Mrs. Weston sighed,--a long-drawn, desponding sigh.
"Wild and incoherent!" she murmured, in a pensive tone. "How grieved Paul will be to hear of this! He took such an interest in his cousin--a delicate and fragile-looking young creature, he told me. Yes, he took a very great interest in her, Mrs. Marchmont, though you may perhaps scarcely believe me when I say so. He kept himself purposely aloof from this place; his sensitive nature led him to abstain from even revealing his interest in Miss Marchmont. His position, you must remember, with regard to this poor dear girl, is a very delicate--I may say a very painful--one."
Olivia remembered nothing of the kind. The value of the Marchmont estates; the sordid worth of those wide-stretching farms, spreading far-away into Yorks.h.i.+re; the pitiful, closely-calculated revenue, which made Mary a wealthy heiress,--were so far from the dark thoughts of this woman's desperate heart, that she no more suspected Mrs. Weston of any mercenary design in coming to the Towers, than of burglarious intentions with regard to the silver spoons in the plate-room. She only thought that the surgeon's wife was a tiresome woman, against whose pertinacious civility her angry spirit chafed and rebelled, until she was almost driven to order her from the room.

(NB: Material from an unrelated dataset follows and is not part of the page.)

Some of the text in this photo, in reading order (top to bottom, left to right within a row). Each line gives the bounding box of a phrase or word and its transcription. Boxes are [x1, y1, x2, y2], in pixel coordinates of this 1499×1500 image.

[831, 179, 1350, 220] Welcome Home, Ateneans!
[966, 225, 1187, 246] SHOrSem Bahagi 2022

In this cruel weariness of spirit Mrs. Marchmont gave a short impatient sigh, which afforded a sufficient hint to such an accomplished tactician as her visitor.
"I know I have tired you, my dear Mrs. Marchmont," the doctor's wife said, rising and arranging her muslin scarf as she spoke, in token of her immediate departure. "I am so sorry to find you a sufferer from that nasty hacking cough; but of course you have the best advice,--Mr.

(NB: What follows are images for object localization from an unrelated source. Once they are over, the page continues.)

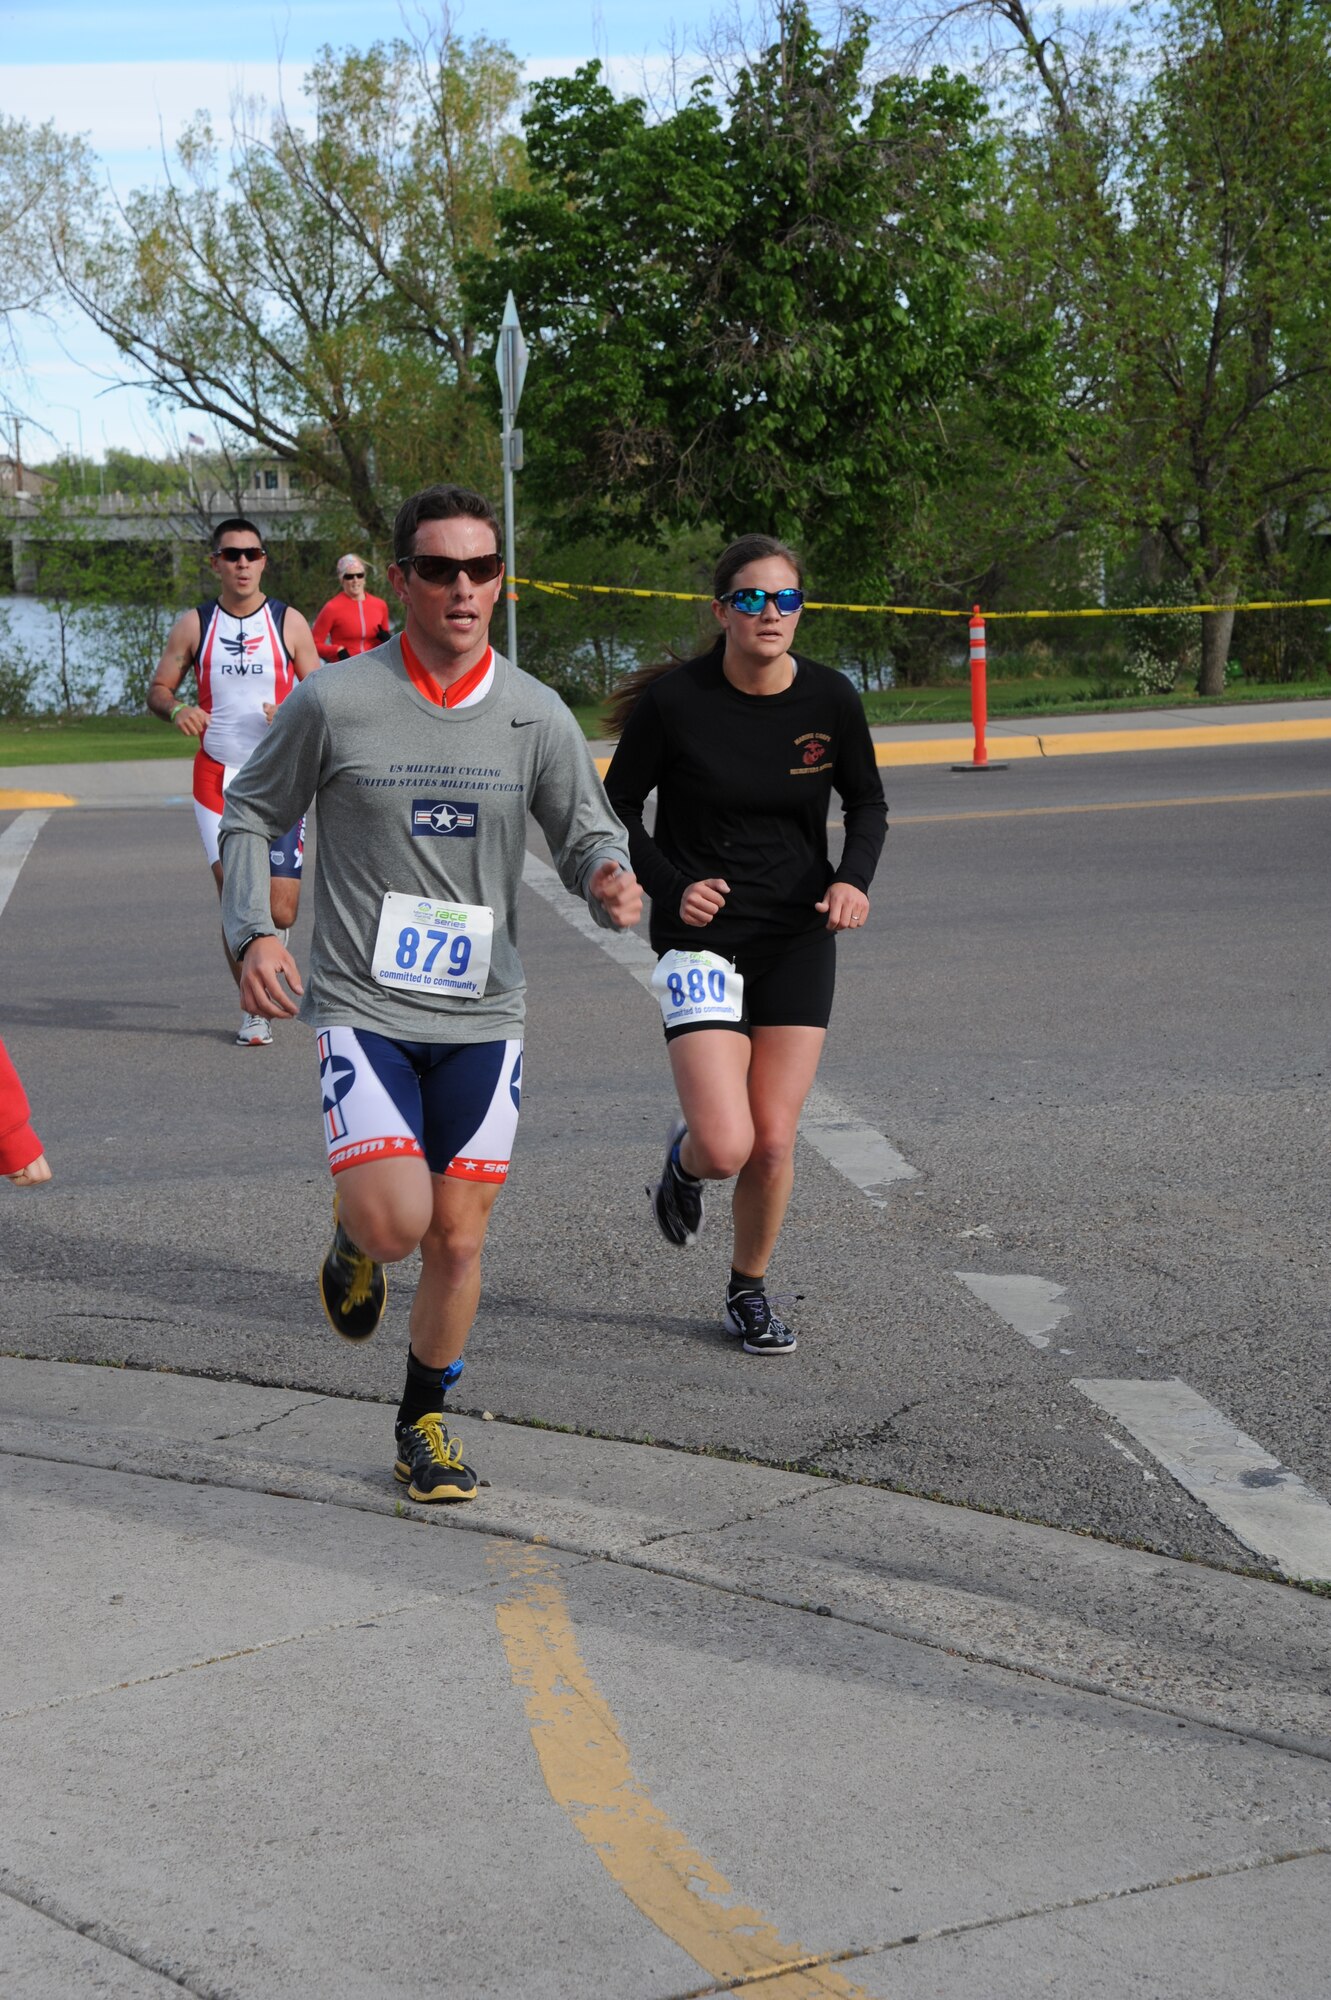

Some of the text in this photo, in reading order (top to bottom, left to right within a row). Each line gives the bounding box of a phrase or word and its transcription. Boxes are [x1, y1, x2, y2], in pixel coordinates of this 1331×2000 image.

[221, 664, 263, 676] RWB
[389, 764, 501, 778] US MILITARY CYCLING
[356, 777, 396, 787] UNITED
[398, 778, 438, 787] STATES
[439, 779, 491, 791] MILITARY
[435, 909, 468, 922] race
[434, 918, 466, 929] series
[395, 927, 472, 976] 879
[379, 969, 478, 992] committed to community
[667, 968, 725, 1007] 880
[694, 1006, 702, 1014] to
[482, 1163, 509, 1174] SR

Barlow from Swampington, I think you said?"--Olivia had said nothing of the kind;--"and I trust the warm weather will prevent the cough taking any hold of your chest. If I might venture to suggest flannels--so many young women quite ridicule the idea of flannels--but, as the wife of a humble provincial pract.i.tioner, I have learned their value. Good-bye, dear Mrs. Marchmont. I may come again, may I not, now that the ice is broken, and we are so well acquainted with each other? Good-bye."

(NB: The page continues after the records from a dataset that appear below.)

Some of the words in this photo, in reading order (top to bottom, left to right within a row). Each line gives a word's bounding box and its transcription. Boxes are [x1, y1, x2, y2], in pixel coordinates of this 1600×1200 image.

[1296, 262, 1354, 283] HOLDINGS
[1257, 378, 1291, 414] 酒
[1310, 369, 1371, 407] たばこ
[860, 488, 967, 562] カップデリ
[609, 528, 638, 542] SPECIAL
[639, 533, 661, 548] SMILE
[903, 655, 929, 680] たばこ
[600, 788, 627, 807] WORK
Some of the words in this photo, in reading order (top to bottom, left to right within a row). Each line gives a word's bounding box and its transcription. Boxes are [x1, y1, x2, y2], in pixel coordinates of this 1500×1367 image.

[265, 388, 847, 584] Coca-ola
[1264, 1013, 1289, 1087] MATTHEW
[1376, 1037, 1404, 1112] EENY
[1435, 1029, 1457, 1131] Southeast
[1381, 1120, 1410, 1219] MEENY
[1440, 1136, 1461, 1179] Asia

Olivia could not refuse to take at least _one_ of the two plump and tightly-gloved hands which were held out to her with an air of frank cordiality; but the widow's grasp was loose and nerveless, and, inasmuch as two consentient parties are required to the shaking of hands as well as to the getting up of a quarrel, the salutation was not a very hearty one.
The surgeon's pony must have been weary of standing before the flight of shallow steps leading to the western portico, when Mrs. Weston took her seat by her husband's side in the gig, which had been newly painted and varnished since the worthy couple's hegira from Stanfield.
The surgeon was not an ambitious man, nor a designing man; he was simply stupid and lazy--lazy although, in spite of himself, he led an active and hard-working life; but there are many square men whose sides are cruelly tortured by the pressure of the round holes into which they are ill-advisedly thrust, and if our destinies were meted out to us in strict accordance with our temperaments, Mr. Weston should have been a lotus-eater. As it was, he was content to drudge on, mildly complying with every desire of his wife; doing what she told him, because it was less trouble to do the hardest work at her bidding than to oppose her.
It would have been surely less painful for Macbeth to have finished that ugly business of the murder than to have endured my lady's black contemptuous scowl, and the bitter scorn and contumely concentrated in those four words, "Give _me_ the daggers."
Mr. Weston asked one or two commonplace questions about his wife's interview with John Marchmont's widow; but, slowly apprehending that Lavinia did not care to discuss the matter, he relapsed into meek silence, and devoted all his intellectual powers to the task of keeping the pony out of the deeper ruts in the rugged road between Marchmont Towers and Kemberling High Street.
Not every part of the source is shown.